Simplifying Rationals

So, in my last post I came up with this code for adding two FatRats:

multi sub infix:<FR+>(Math::FatRat $a, Math::FatRat $b) is export(:DEFAULT) {
    my $gcd = gcd($a.denominator, $b.denominator);
    Math::FatRat.new($a.numerator * ($b.denominator div $gcd) + $b.numerator * ($a.denominator div $gcd),
                     ($a.denominator div $gcd) * $b.denominator);
}

Some of you may have noticed something funny here. Why is there a GCD calculation?

Well, this code was a cut-n-paste from the Rat code inside Rakudo. And since Rakudo has only finite Ints, it seemed like a good plan to use the GCD of the two Rats’ denominators to make the numbers as small as possible in the calculation, hoping to keep things inside the range of 32-bit integers.

So, since Math::BigInt has no range limitation and Math::FatRat.new is going to simplify the fraction anyway, it seems like calculating the GCD here is a waste of time. Or is it? I’m leaning toward it being a waste of time, but I hesitate to say that for sure without doing some timing tests, which I don’t want to go into now. Instead, I’m going to open an entirely different cartoon of worms in this same neighborhood.

Because the spec is actually kind of vague on when and even if you should — or can! — simplify fractions. I’ve found three areas in S02 which touch on this:

The limitation on Rat values is intended to be enforced only on user-visible types. Intermediate values used internally in calculation the values of Rat operators may exceed this precision, or represent negative denominators. That is, the temporaries used in calculating the new numerator and denominator are (at least in the abstract) of Int type. After a new numerator and denominator are determined, any sign is forced to be represented only by the numerator. Then if the denominator exceeds the storage size of the unsigned integer used, the fraction is reduced via gcd. If the resulting denominator is still larger than the storage size, then and only then may the precision be reduced to fit into a Rat or Num.

Rat addition and subtraction should attempt to preserve the denominator of the more precise argument if that denominator is an integral multiple of the less precise denominator. That is, in practical terms, adding a column of dollars and cents should generally end up with a result that has a denominator of 100, even if values like 42 and 3.5 were added in. With other operators, this guarantee cannot be made; in such cases, the user should probably be explicitly rounding to a particular denominator anyway.

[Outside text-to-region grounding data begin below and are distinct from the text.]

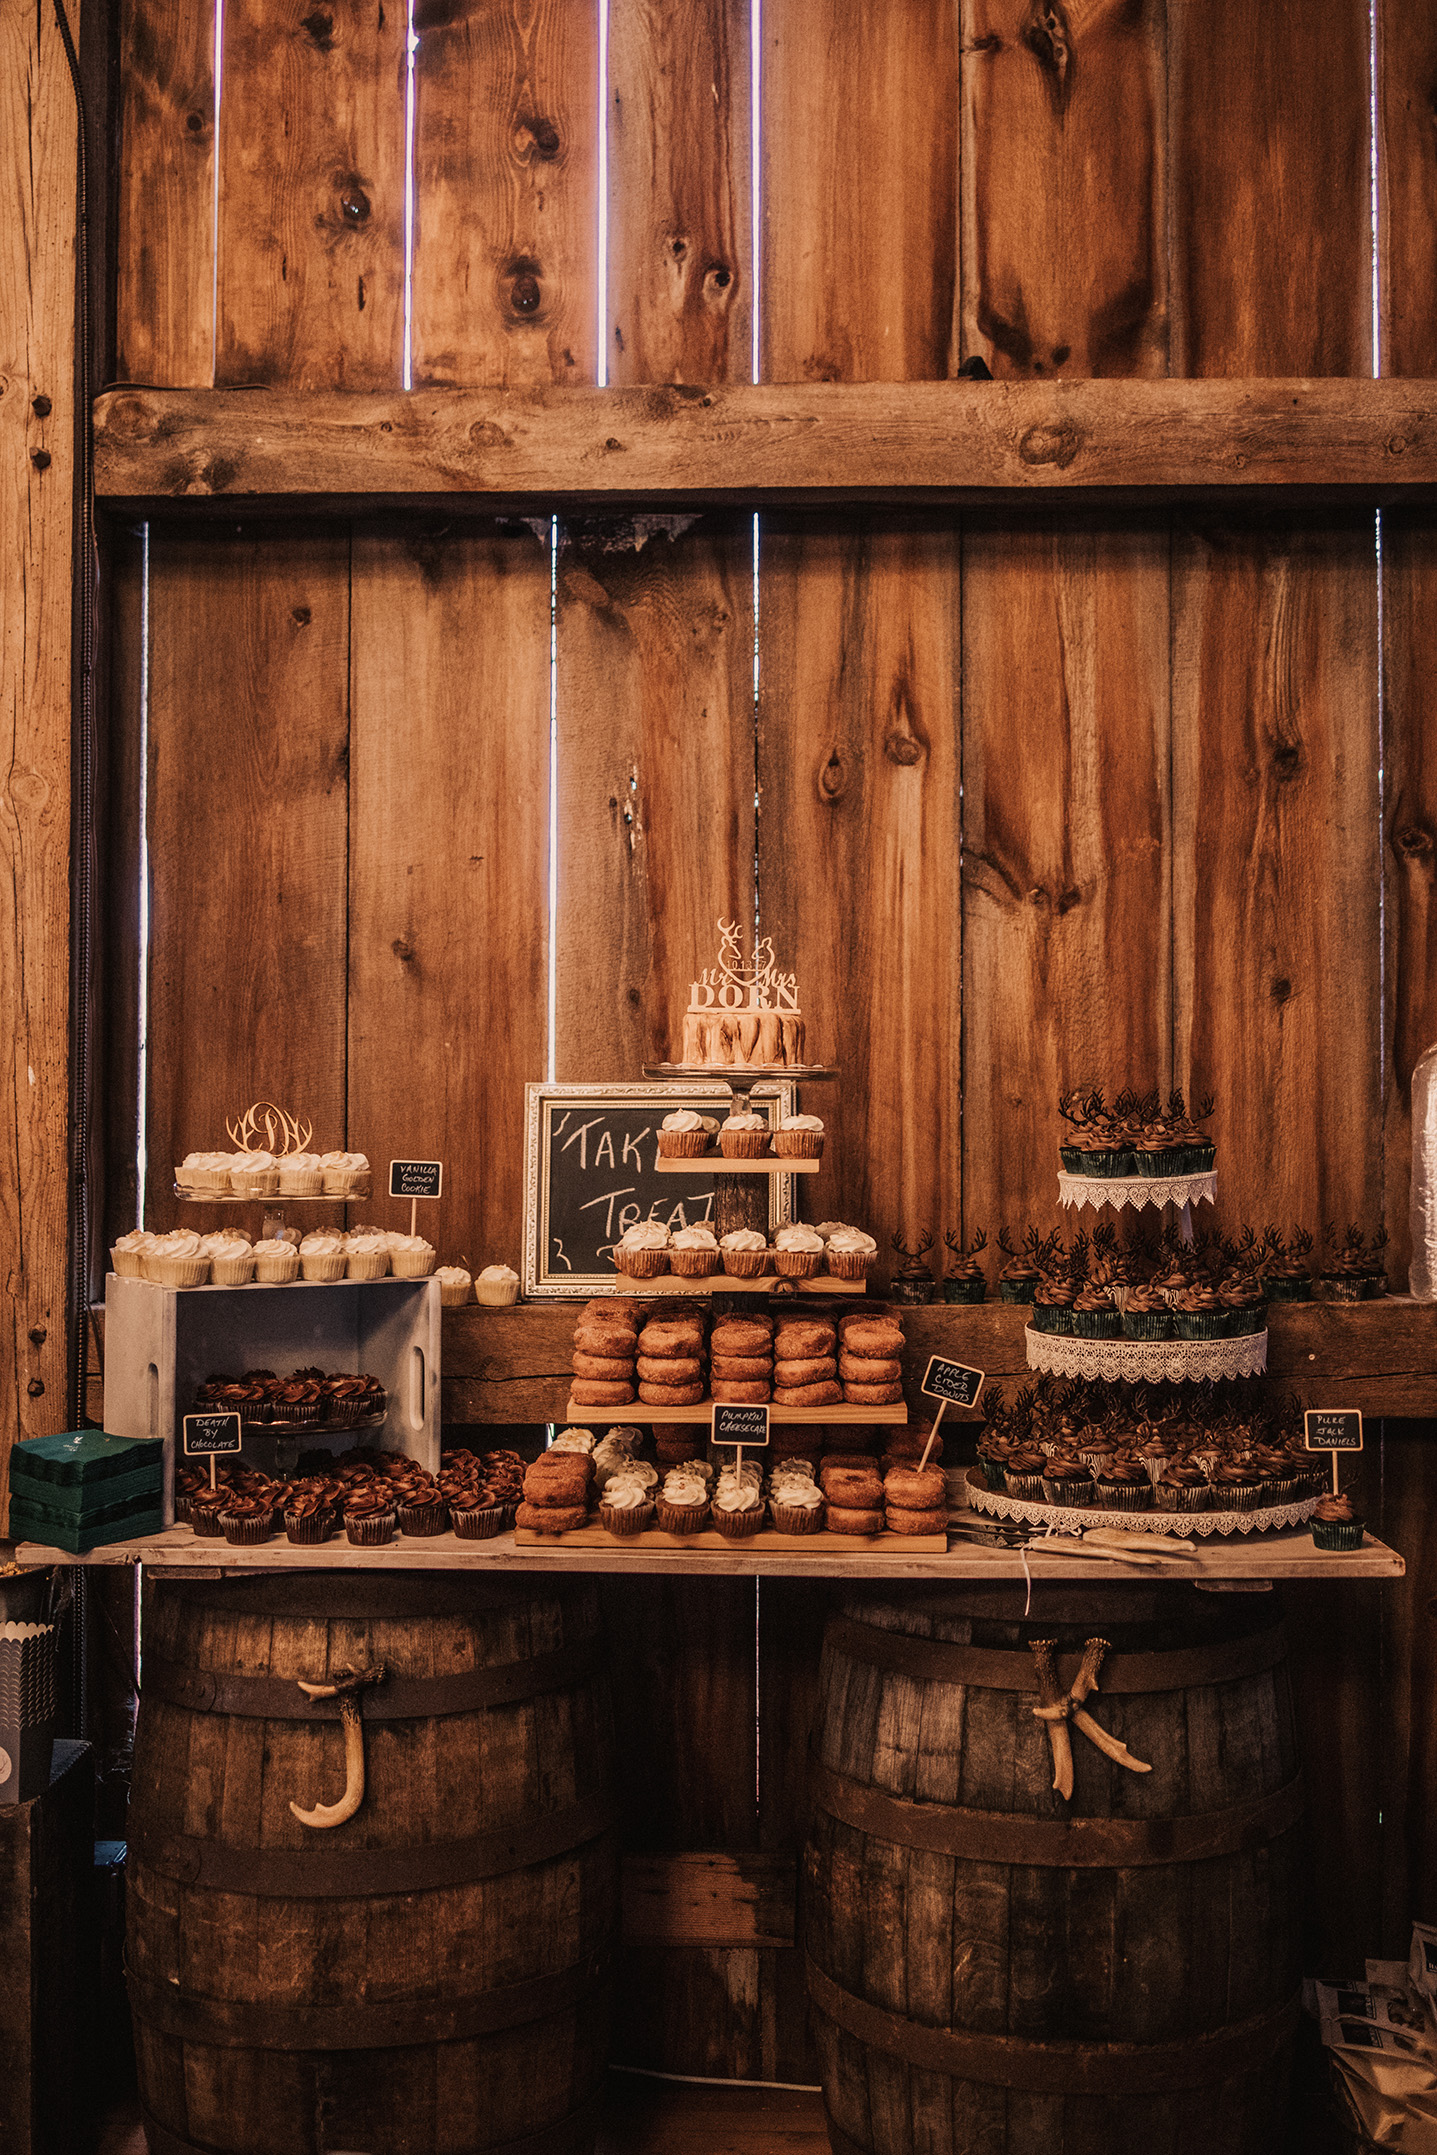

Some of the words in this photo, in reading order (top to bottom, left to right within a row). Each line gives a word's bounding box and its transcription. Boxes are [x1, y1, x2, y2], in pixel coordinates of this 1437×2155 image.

[697, 967, 733, 987] Mr
[760, 967, 797, 987] Mrs
[688, 984, 800, 1009] DORN
[561, 1117, 660, 1173] TAK
[400, 1165, 438, 1176] VANILLA
[401, 1183, 431, 1194] COOKIE
[937, 1363, 972, 1381] APPLE
[935, 1374, 968, 1392] CIDER
[931, 1384, 970, 1402] DONUTS
[721, 1410, 764, 1421] PUMPKIN
[1316, 1415, 1346, 1424] PURE
[195, 1416, 230, 1427] DEATH
[719, 1421, 766, 1435] CHEESECAKE
[1316, 1428, 1345, 1437] JACK
[202, 1429, 218, 1439] BY
[190, 1439, 236, 1450] CHOCOLATE
[1313, 1437, 1356, 1446] DANIELS

Although most rational implementations normalize or “reduce” fractions to their smallest representation immediately through a gcd algorithm, Perl allows a rational datatype to do so lazily at need, such as whenever the denominator would run out of precision, but avoid the overhead otherwise. Hence, if you are adding a bunch of Rats that represent, say, dollars and cents, the denominator may stay 100 the entire way through. The .nu and .de methods will return these unreduced values. You can use $rat.=norm to normalize the fraction. (This also forces the sign on the denominator to be positive.) The .perl method will produce a decimal number if the denominator is a power of 10, or normalizable to a power of 10 (that is, having factors of only 2 and 5 (and -1)). Otherwise it will normalize and return a rational literal of the form -47/3.

I actually find these paragraphs somewhat bewildering. Let me try to sum up the points as I’m seeing them, in vaguely reversed order.

1. Rats are “allowed” to be “lazy” and never simplify, but must always return the simplified version when .perl is called. (I put lazy in quotes because Rats are immutable, so in fact the Rat object in question will always be unsimplified.) Which means that Rat.perl doesn’t provide a way of actually getting at actual value stored in a Rat; all you get is another Rat which has the same numeric value. That’s…. weird.

2. “Rat addition and subtraction should attempt to preserve the denominator…” That sounds like Rats are required to be lazy, at least in some circumstances.

3. Note that those circumstances are a bit weird. It’s pretty easy to find sets of four Rats which can have a different denominator based on the order you add them.

4. Note also that this property goes away as soon as .perl is involved.

It feels to me like there are two distinct ideas here, at odds with each other. In one paragraph, the developer is allowed to break some fundamental assumptions of Perl 6 to make rational math more efficient. In another, the developer is required to try to bend how rationals work make rational math more friendly or something. They are at odds because the efficiency version makes .nu and .de into something you probably don’t want to look at, whereas the only way to take advantage of the “friendly” version is to look at those exact same values! Not to mention the extra work needed to make the friendly version work probably kills most or all of the hypothetical efficiency improvements available in the other.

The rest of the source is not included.